20 Jahre später waren schnöde, einfarbige keramische Wandkleider längst mega-out. Muster mussten es sein, bevorzugt schietebraune, verschnörkelte Motive auf nicht weniger schietegelbem Untergrund.
Gerne auch noch mit Kuhfladen-Grün und etwas düsterem Orange aufgepeppt. Diese geschmacksverirrte Wandverkleidung ist mal in Kiel zur Kult-Kachel erhoben worden, die für einen guten Zweck verkauft wird.
Fliesen von heute
Heute sind Fliesen groß, sehr groß, gerne reinweiß, es gibt aber auch Exemplare, die wie gebürstetes Metall, wie Holz oder Beton aussehen. Ihre Kanten sind „rektifiziert“, sprich so zugeschnitten, dass sie fugenlos verlegt werden können. Ich wage mal die Voraussage, dass in 30 Jahren jeder diese Dekore problemlos im richtigen Jahrzehnt verorten kann.
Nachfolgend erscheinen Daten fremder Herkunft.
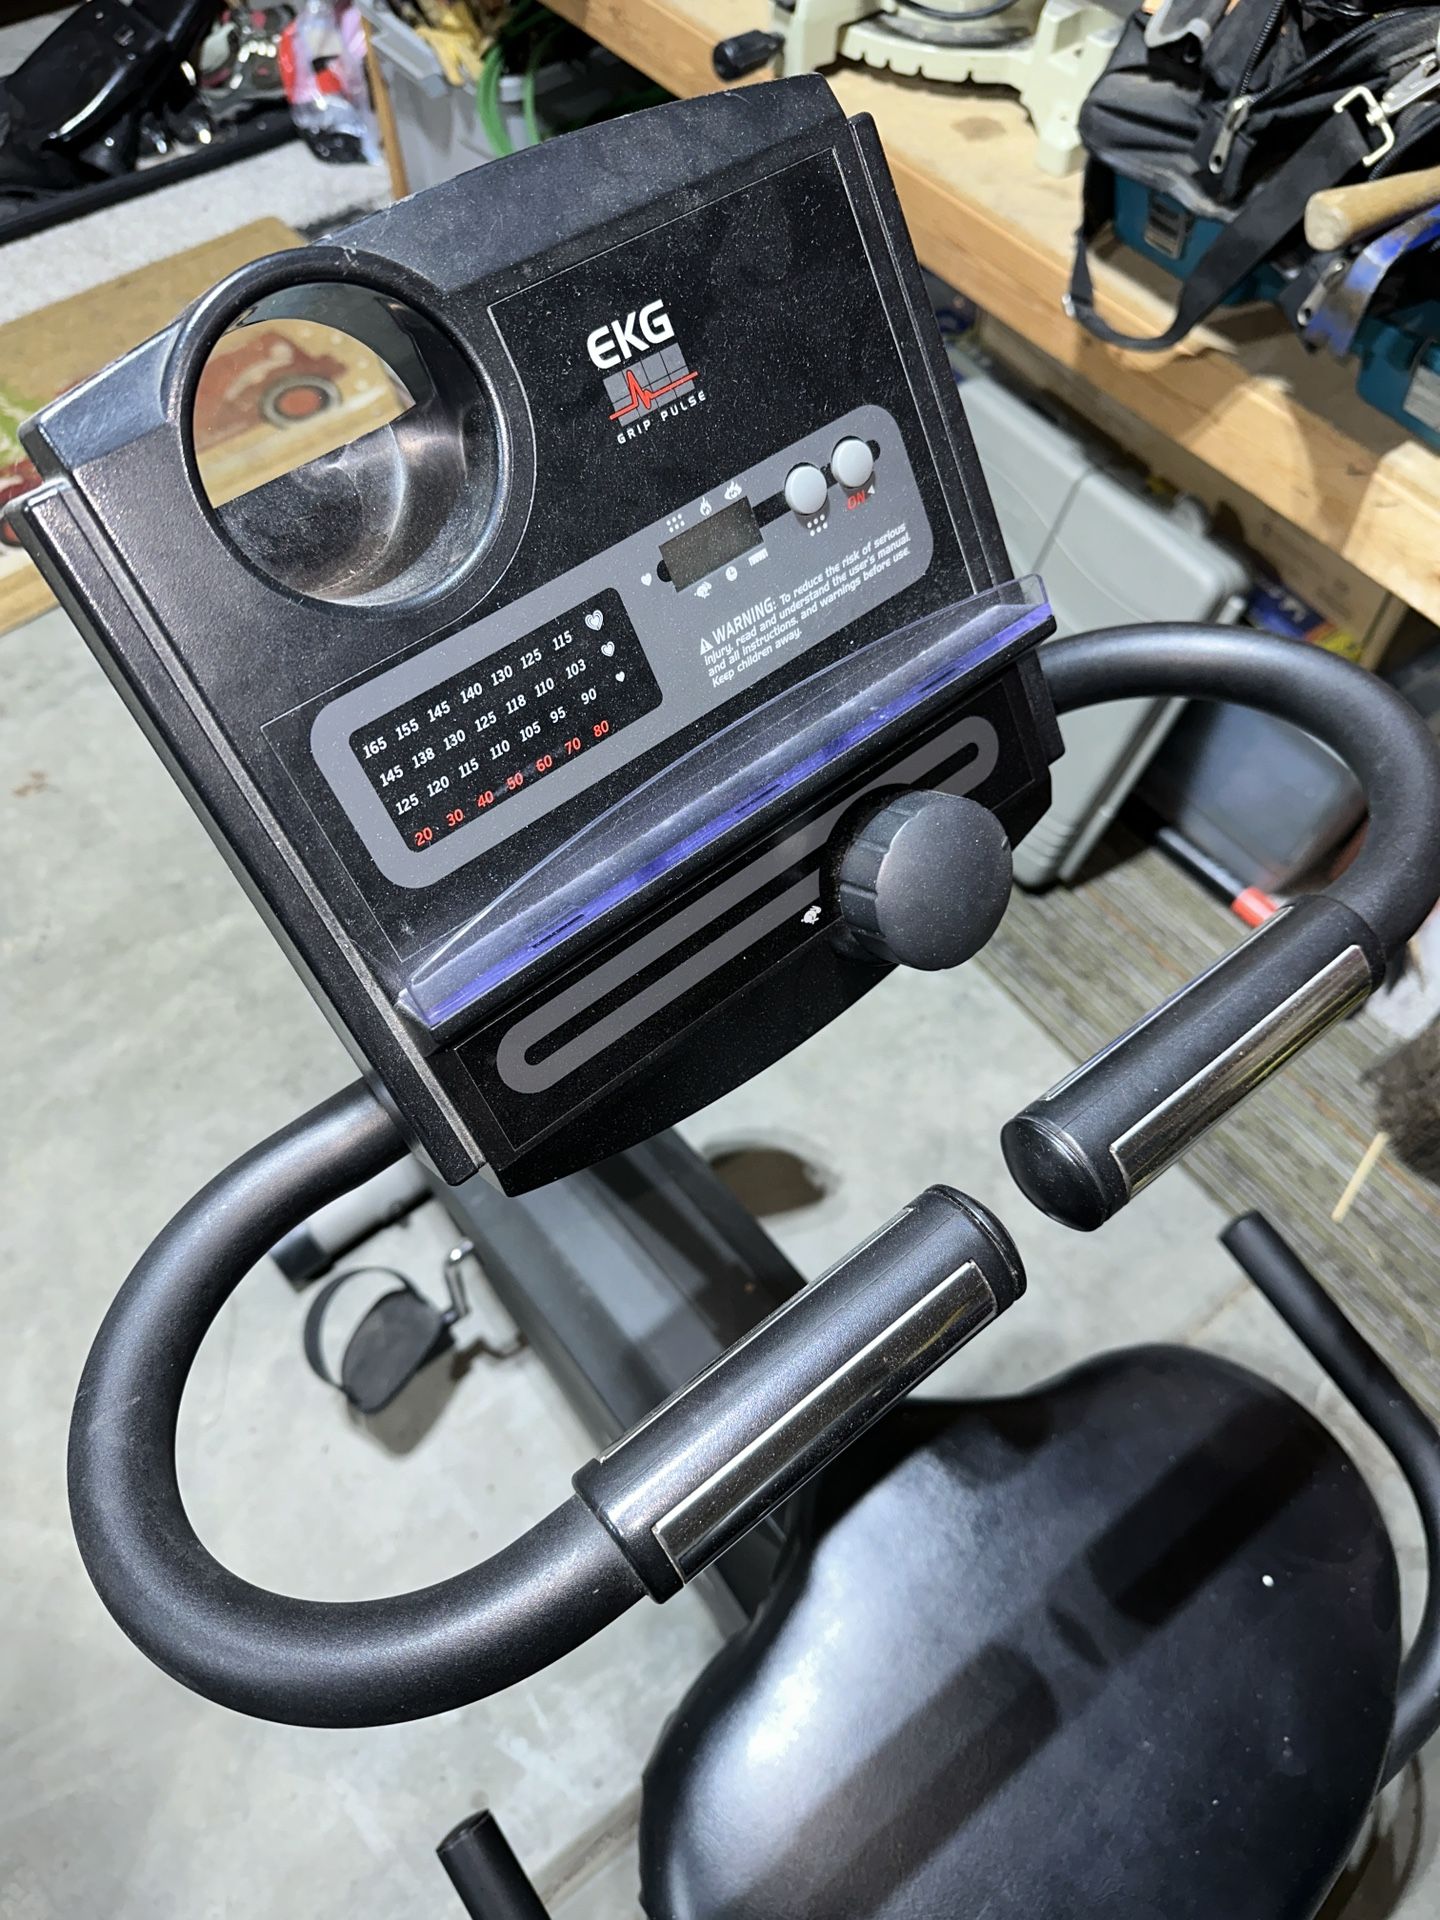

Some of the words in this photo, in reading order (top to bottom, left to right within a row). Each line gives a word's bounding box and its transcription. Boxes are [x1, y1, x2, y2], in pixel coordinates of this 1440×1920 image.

Übrigens: Die Kuhfladen-Fliesen sind für mich nicht Kult, sondern eine Design-Katastrophe. Aber die rosa und hellblauen 1960er-Jahre-Fliesen fühlen sich so heimatlich an. Denn aller Mode zum Trotz sehe ich sie noch manchmal. Sie sind wahrlich Kult. Kindheits-Kult.